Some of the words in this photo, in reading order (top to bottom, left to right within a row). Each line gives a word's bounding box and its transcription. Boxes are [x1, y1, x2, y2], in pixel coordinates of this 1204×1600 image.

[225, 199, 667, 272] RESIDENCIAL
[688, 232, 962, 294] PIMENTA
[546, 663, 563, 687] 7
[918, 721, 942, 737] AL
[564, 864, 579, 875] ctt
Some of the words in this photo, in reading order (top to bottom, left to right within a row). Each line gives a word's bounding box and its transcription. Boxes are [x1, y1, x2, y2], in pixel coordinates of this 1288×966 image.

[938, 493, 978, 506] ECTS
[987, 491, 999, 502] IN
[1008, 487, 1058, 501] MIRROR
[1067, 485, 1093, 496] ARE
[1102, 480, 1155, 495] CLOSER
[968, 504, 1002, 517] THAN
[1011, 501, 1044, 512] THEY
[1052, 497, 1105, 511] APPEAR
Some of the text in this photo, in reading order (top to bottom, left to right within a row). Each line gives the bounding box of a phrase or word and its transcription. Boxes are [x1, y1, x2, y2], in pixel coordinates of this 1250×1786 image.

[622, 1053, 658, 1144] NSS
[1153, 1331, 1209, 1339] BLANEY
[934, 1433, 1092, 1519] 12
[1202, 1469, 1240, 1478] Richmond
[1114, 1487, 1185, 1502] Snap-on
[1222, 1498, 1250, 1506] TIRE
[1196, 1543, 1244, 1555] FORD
:::::
Please reproduce the entire listing. Keep it identical.

Some of the words in this photo, in reading order (top to bottom, left to right within a row). Each line gives a word's bounding box and its transcription. Boxes are [x1, y1, x2, y2], in pixel coordinates of this 1204×1600 image.

[225, 199, 667, 272] RESIDENCIAL
[688, 232, 962, 294] PIMENTA
[546, 663, 563, 687] 7
[918, 721, 942, 737] AL
[564, 864, 579, 875] ctt
Some of the words in this photo, in reading order (top to bottom, left to right within a row). Each line gives a word's bounding box and its transcription. Boxes are [x1, y1, x2, y2], in pixel coordinates of this 1288×966 image.

[938, 493, 978, 506] ECTS
[987, 491, 999, 502] IN
[1008, 487, 1058, 501] MIRROR
[1067, 485, 1093, 496] ARE
[1102, 480, 1155, 495] CLOSER
[968, 504, 1002, 517] THAN
[1011, 501, 1044, 512] THEY
[1052, 497, 1105, 511] APPEAR
Some of the text in this photo, in reading order (top to bottom, left to right within a row). Each line gives the bounding box of a phrase or word and its transcription. Boxes are [x1, y1, x2, y2], in pixel coordinates of this 1250×1786 image.

[622, 1053, 658, 1144] NSS
[1153, 1331, 1209, 1339] BLANEY
[934, 1433, 1092, 1519] 12
[1202, 1469, 1240, 1478] Richmond
[1114, 1487, 1185, 1502] Snap-on
[1222, 1498, 1250, 1506] TIRE
[1196, 1543, 1244, 1555] FORD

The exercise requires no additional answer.